If I could summarize the trip to Liberia in one word - I would say humbling. Wonderfully and powerfully humbling. As a sponsor, and someone who helps with nonprofit, many of the Liberians were eager to express their extreme gratitude for our support of the home, the school, and the kids. It is very powerful to see first hand the impact of helping provide food, medicine, and education on the lives of the kids. Life in Liberia can be very harsh and there are very real physical, as well as emotional and spiritual needs. At the same time, I also felt like some of the attention and gratitude was misplaced. From my perspective, all I do is write a check once a month, or once a year, for an amount that equates to about a tank of gas a month. I am not the one actually taking care of the kids on a daily basis (like the staff at Mother Blessings) or the one going to school and overcoming intense odds to fight for an education and skills to offer my community. And yet, the money that we are able to send to Liberia is literally life changing. This is how I see it:
In this world we all are looking ahead and trying to discern where we belong and how we can contribute to this world around us. We start to catch a vision of all the places we want to climb and all we want to achieve, but no matter what route we choose, it will inevitably require a ladder to get us there. In the part of the world we live in, ladders are typically pretty easy to come by. I happen to live a life where I have a ladder, purely because of where I grew up and the people in my life who made sure I had access to one. In America, most of us have people who give us a baby step ladder to begin with, they hold our hands as we climb, they help point out the next rung on the ladder, and they catch us when we stumble. We don’t think much about it because it was such a natural part of where we grew up.

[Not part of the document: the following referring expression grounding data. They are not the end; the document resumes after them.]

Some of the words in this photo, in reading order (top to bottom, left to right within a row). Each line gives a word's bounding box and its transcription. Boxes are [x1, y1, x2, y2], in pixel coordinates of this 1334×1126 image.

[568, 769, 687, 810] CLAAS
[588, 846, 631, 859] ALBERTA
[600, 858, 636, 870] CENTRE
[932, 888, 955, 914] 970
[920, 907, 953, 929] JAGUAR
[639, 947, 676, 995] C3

In Liberia (and many other parts of the world) ladders are incredibly hard to come by. In order to go to school you have to pay fees, you have to have the proper uniform and socks and hair cut. To go to college you need money for transportation, books, tuition, let alone food and medicine to stay healthy. As a sponsor, I see myself as someone who just has access to ladders and gets to share it with our kids in Liberia. I’m not the one helping the kids climb, and I’m not the one putting in the work to actually climb and go incredible places, I’m just the one who had a ladder to spare. The kids at Mother Blessings home are incredible. Don’t get me wrong, they aren’t perfect and they’re just like any child or teenager, but sit and talk with them for a few minutes and their life, their dreams, their vision for who they can be and how they can help their community will stop you in your tracks. Sit with them in Bible study and listen as they discuss how to make disciples in their community and give to those who are suffering even more themselves. I find what they do so much more impressive and awe inspiring than what we do.
And the truly incredible thing, is that while sharing a ladder seems like such a small “sacrifice” it literally has the power to change and save a life. Access to healthy food, clean water, adequate medical care, and quality education not only keeps our kids healthy, but helps reinforce the truth that they are seen, they are valuable, they are worthy, and they are capable of great things.
To me, this is an incredible picture of the body of Christ. There is no status, no superiority or inferiority, no hero other than Christ himself. We all need one another greatly. As one of my favorite songs says, “Every brother, every stranger holds the face of God. We all hold the face of God.”